Down to a Specific Problem

All right, I found the problem whilst thinking about my writing as I fell asleep last night.

Namely when I began comparing it to CSH.

Short answer? Characters. The reason I’m not motivated to write TR anymore is because I’ve fallen out of sync with my characters. I’ve become apathetic to them. All of them. Major and minor. I still like Esrov all right, ish, but I just don’t care about them anymore.

I still like my plot, which is good. But I need to rediscover my characters. Maybe even rewrite them. But I don’t know how or what direction to take them in.

So, I’ve decided to make a dangerous move*. I’m setting TR aside to work on revisions for CSH**. So all you alpha readers who still haven’t gotten back to me, chop chop.
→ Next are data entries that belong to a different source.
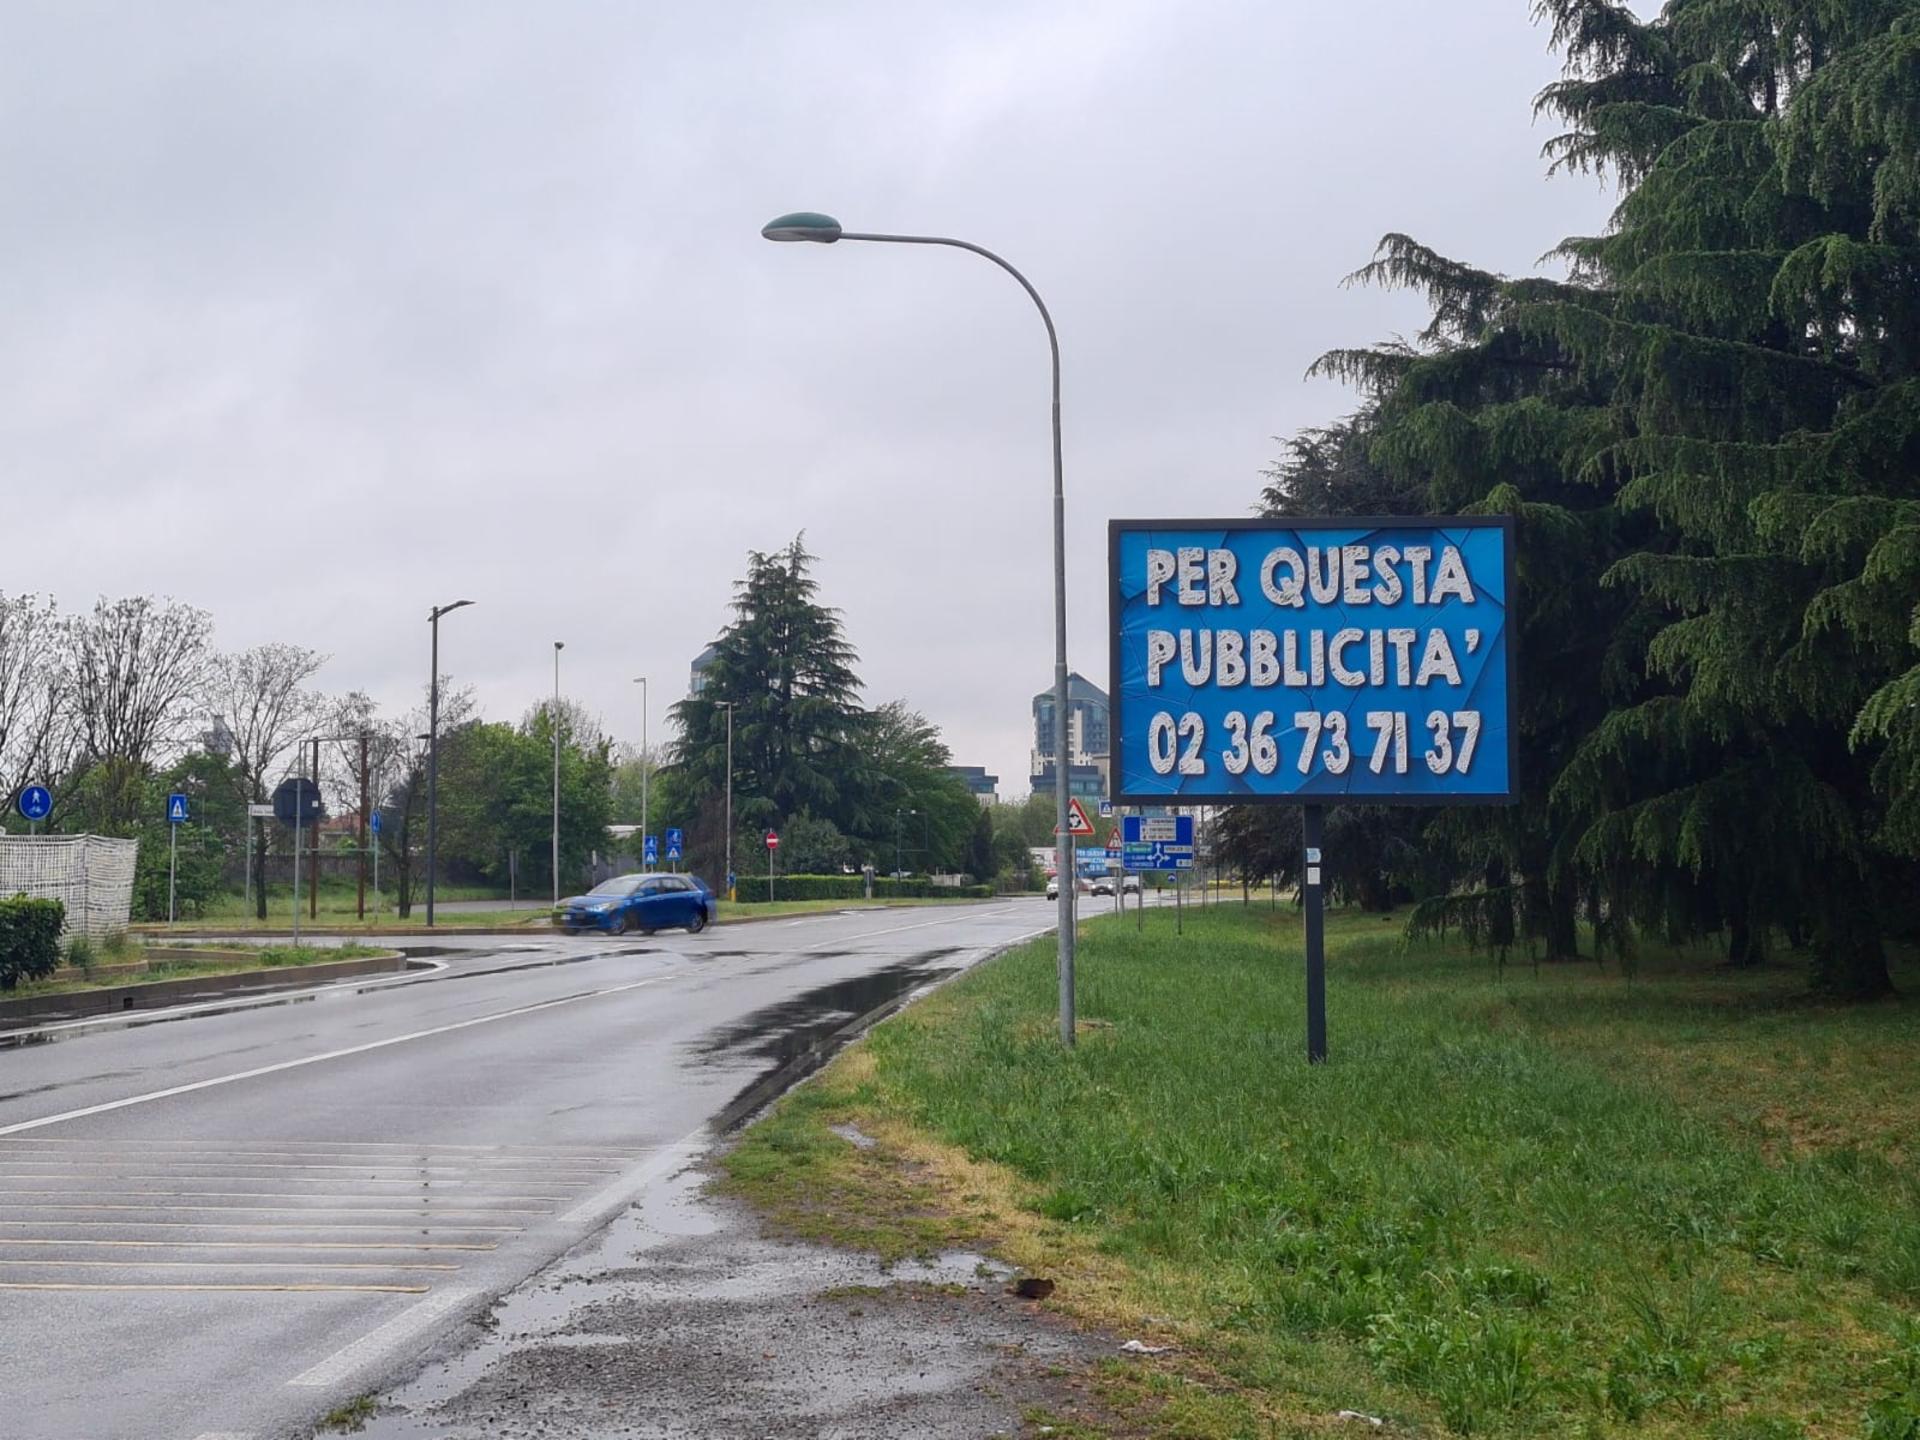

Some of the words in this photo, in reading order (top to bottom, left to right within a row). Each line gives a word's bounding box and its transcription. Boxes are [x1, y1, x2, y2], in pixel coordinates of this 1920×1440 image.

[1147, 548, 1240, 606] PER
[1260, 545, 1475, 608] QUESTA
[1149, 713, 1205, 775] 02
[1224, 711, 1278, 775] 36
[1294, 711, 1350, 775] 73
[1366, 711, 1408, 774] 71
[1426, 710, 1481, 775] 37
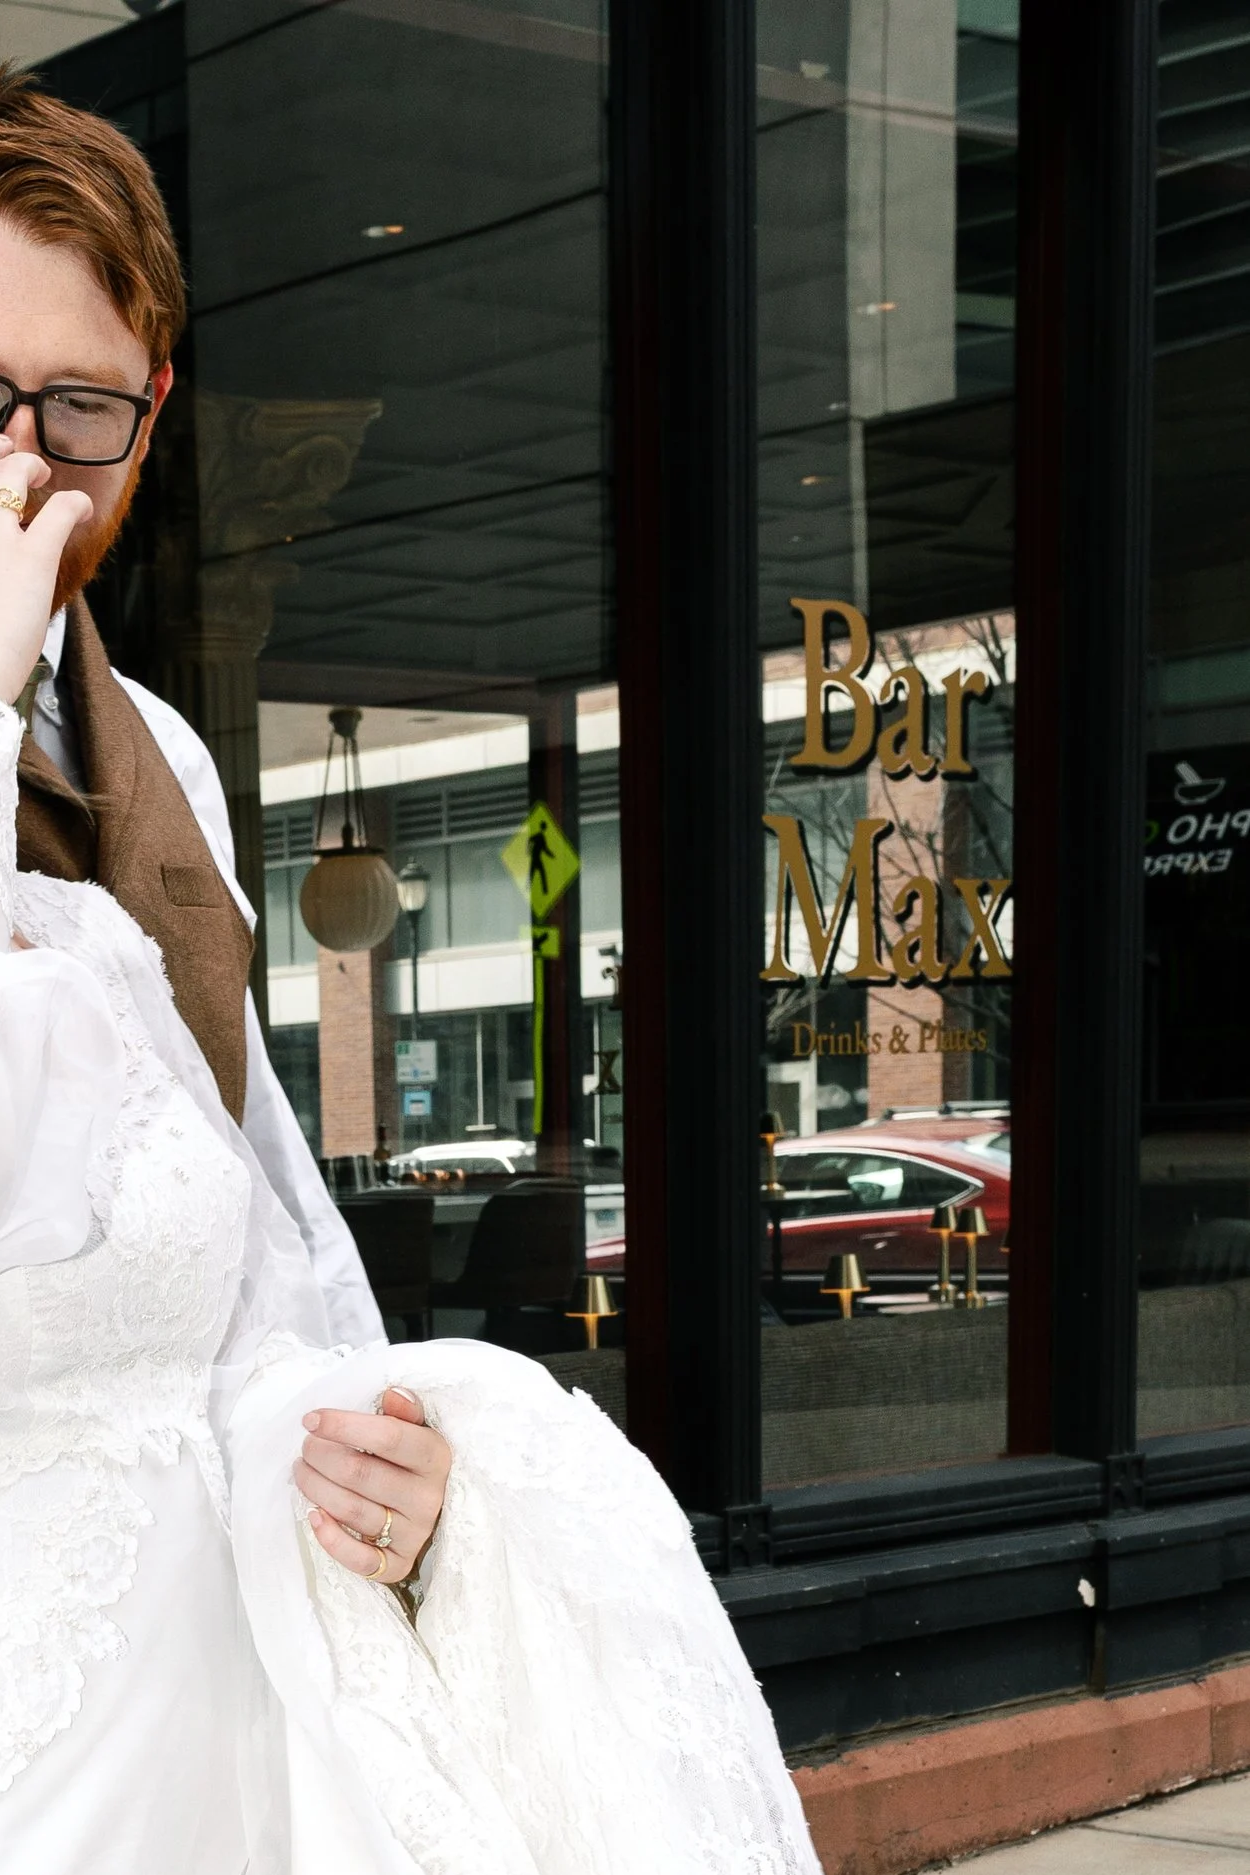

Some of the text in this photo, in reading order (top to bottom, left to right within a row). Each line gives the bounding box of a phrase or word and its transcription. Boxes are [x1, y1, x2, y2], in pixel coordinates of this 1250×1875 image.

[789, 597, 990, 774] Bar
[759, 814, 1013, 982] Max
[792, 1019, 988, 1057] Drinks & Plates
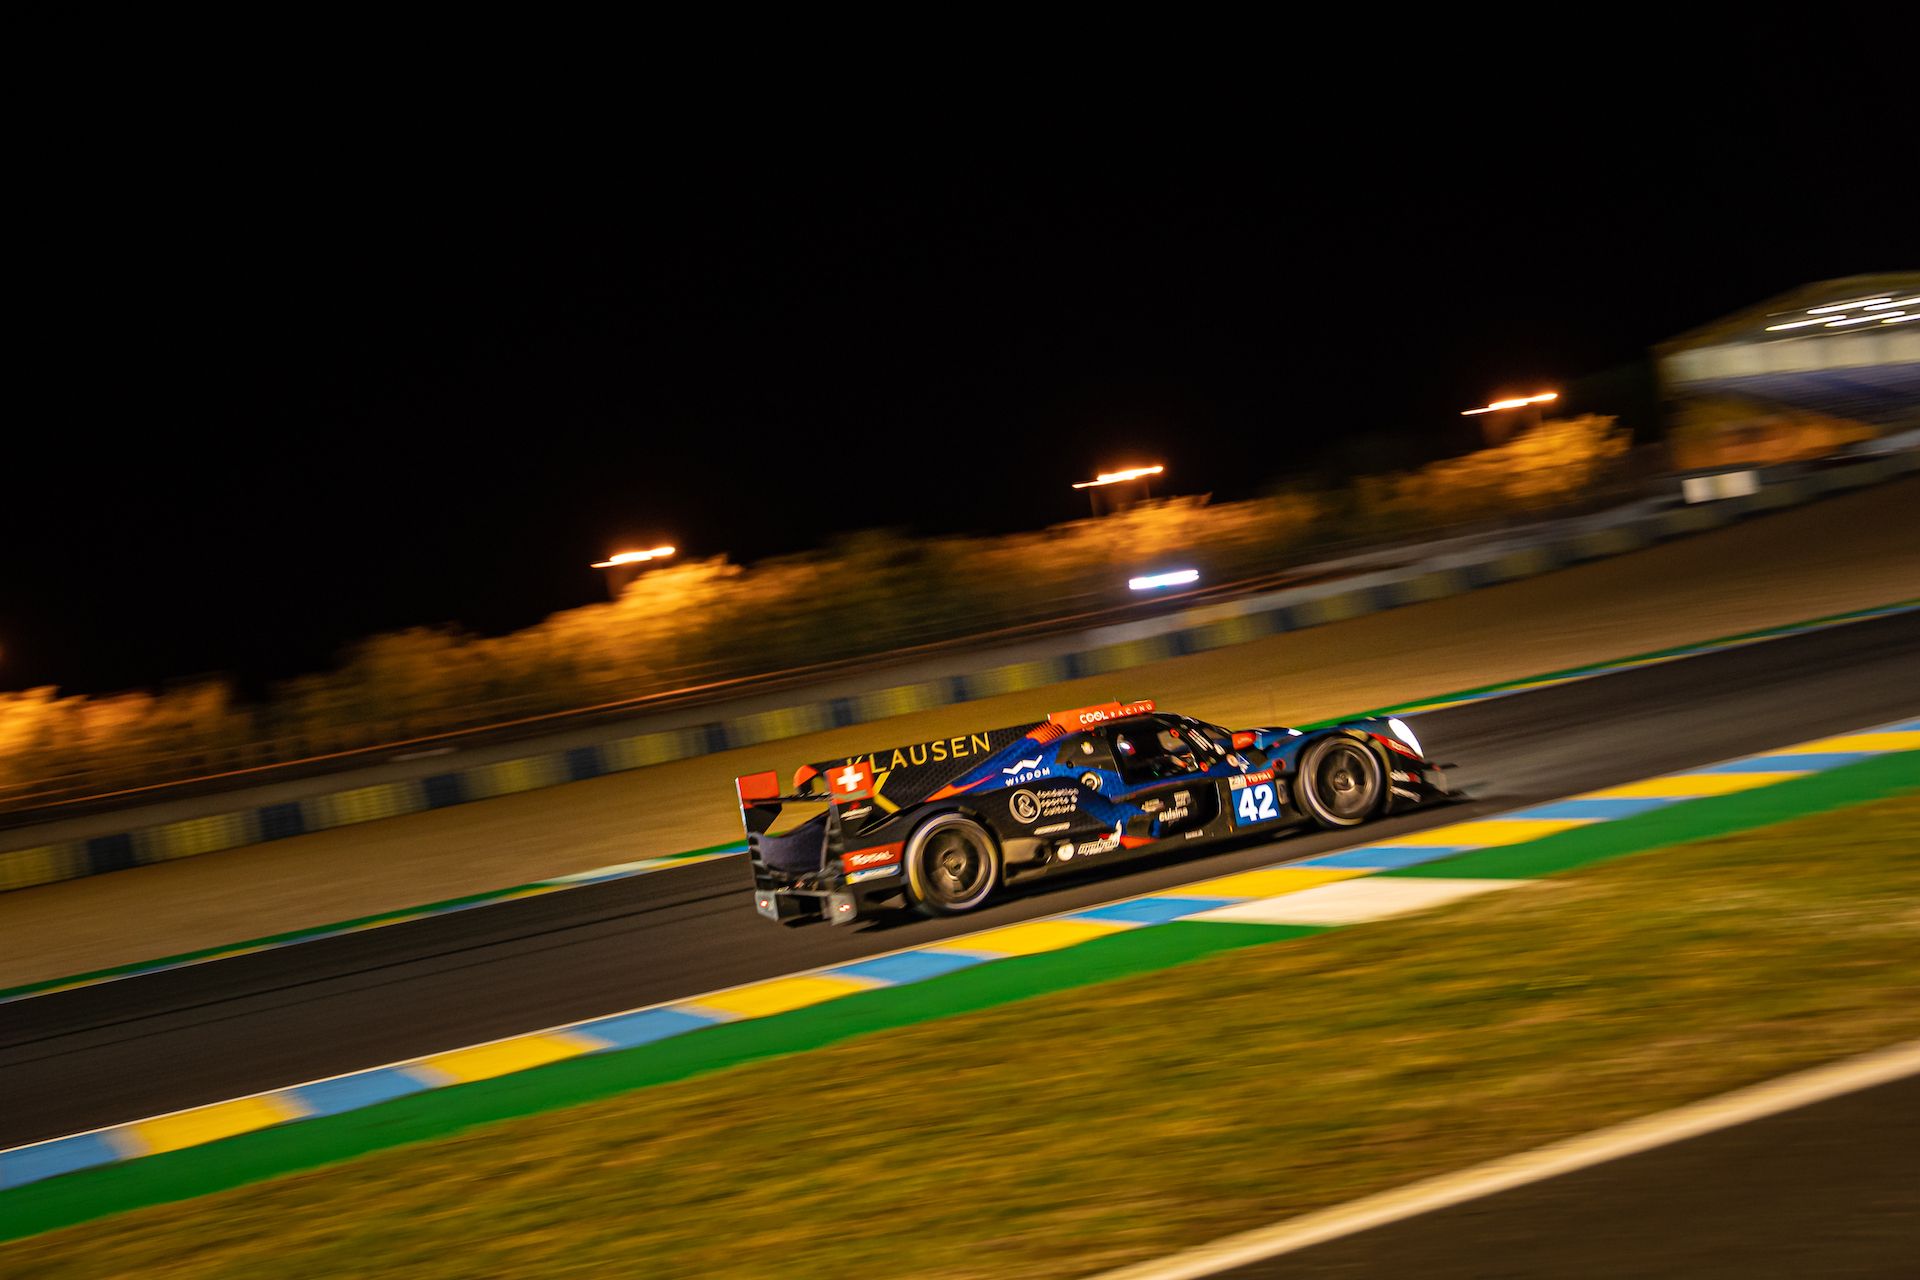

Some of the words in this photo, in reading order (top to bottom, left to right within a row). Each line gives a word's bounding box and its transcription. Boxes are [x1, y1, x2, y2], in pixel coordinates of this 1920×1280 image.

I’m compiling comments this week.

On the brighter side, Nathan said he liked my first two chapters of unpolished TR. That’s a good sign.

Also, congrats to Joe who just completed another novel!

Excerpt of the day:
Esrov always knew he would die young. The ghost of Mount Isarai looming outside the shop’s two-pane window reminded him of that. His hands paused above the small watch on the table, stilling the slim tools between his fingers. He gazed to the legendary mountain half-concealed by empty snow clouds. It jutted upwards from the frost-bitten ground like a rusted dagger, chipped from overuse. Esrov knew Isarai was sacred, but the feelings of dread its presence enticed in him were anything but spiritual.
The Raimos, chapter 1

*Dangerous because once a story is set aside, it becomes much harder to go back to…
**A story where I love every character I created, and my favorite character is the protagonist. This is a good thing.

1 comment:

  1. Yeah... if you don't like your characters... it's kind of hard to foment the desire to put together a narrative around them. I've resorted all-too-frequently to developing "extreme" characters, by hurling one overbearing trait at each of them. It makes them fun to write, and the product is surprisingly less abysmal than you might expect.